DIRECTIONS FOR THIS TASK:
Line by line, set down all the data below exactly, omitting any picture.

(INPUT DATA begins)

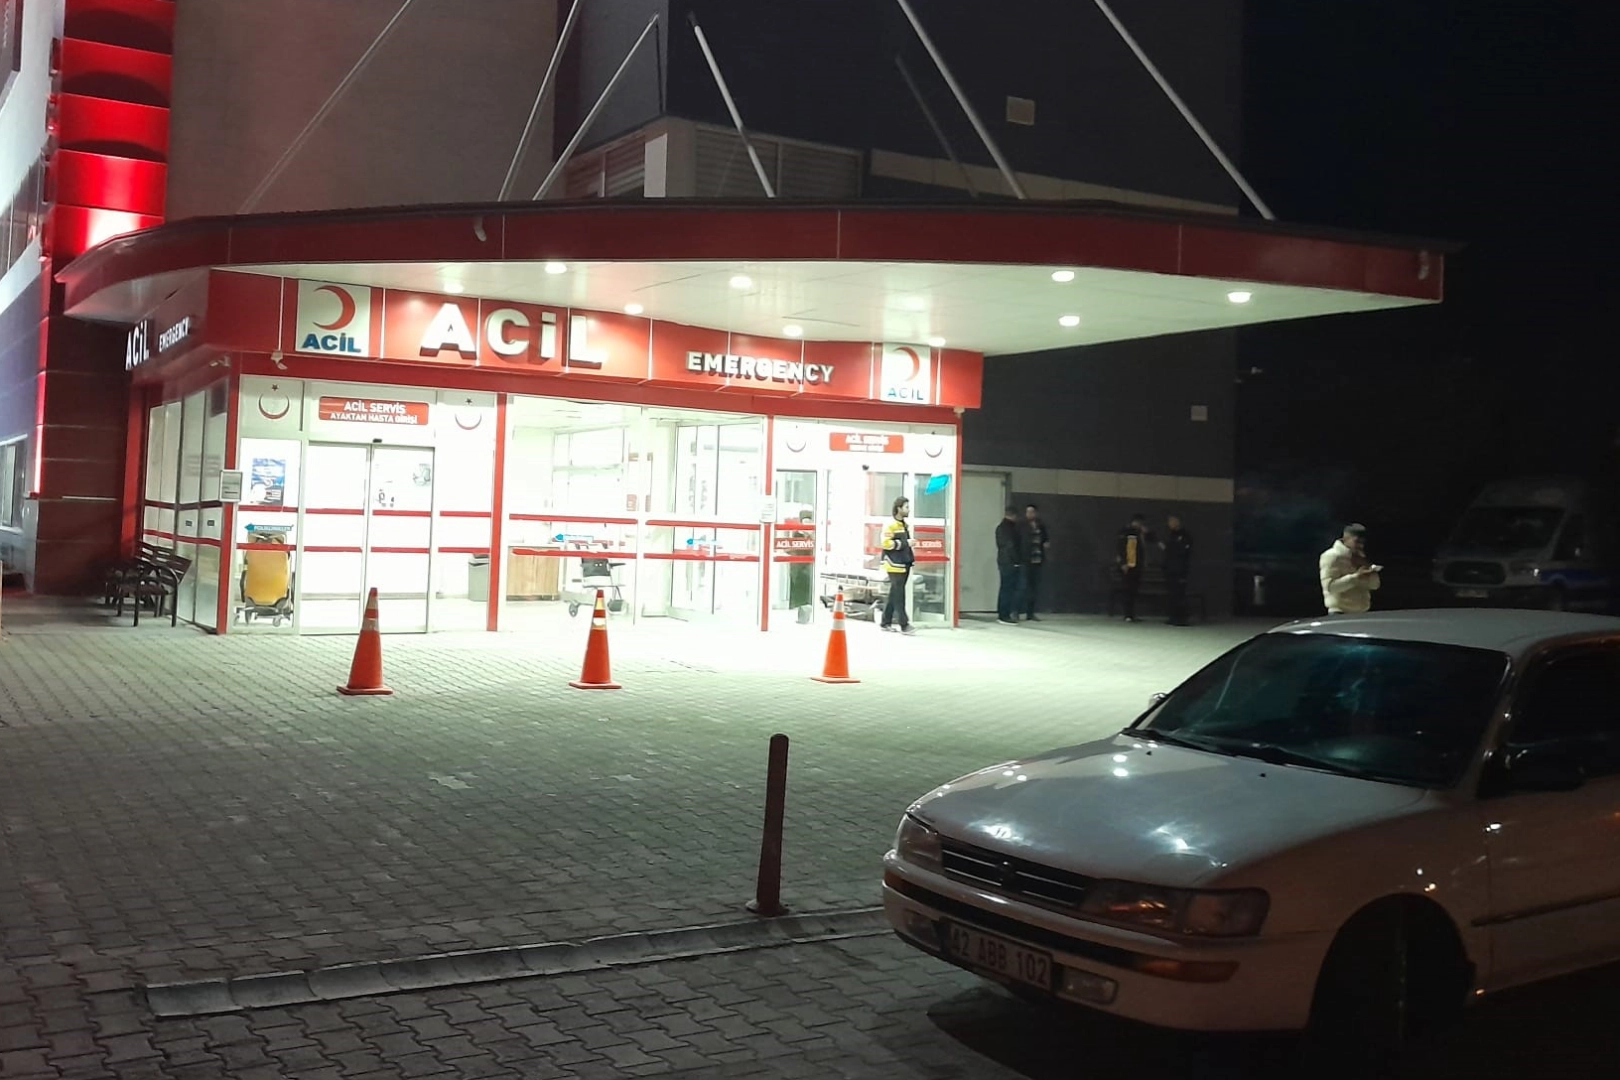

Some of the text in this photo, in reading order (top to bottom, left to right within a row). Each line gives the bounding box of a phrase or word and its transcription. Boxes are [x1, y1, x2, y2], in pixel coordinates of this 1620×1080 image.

[158, 316, 189, 352] EMERGENCY
[687, 351, 835, 383] EMERGENCY
[978, 938, 1008, 970] ABB
[1017, 951, 1048, 985] 102

(INPUT DATA ends)

ANSWER SPACE:
Some of the text in this photo, in reading order (top to bottom, left to right within a row). Each line gives the bounding box of a phrase or word and its transcription. Boxes are [x1, y1, x2, y2], in pixel coordinates of this 1620×1080 image.

[158, 316, 189, 352] EMERGENCY
[687, 351, 835, 383] EMERGENCY
[978, 938, 1008, 970] ABB
[1017, 951, 1048, 985] 102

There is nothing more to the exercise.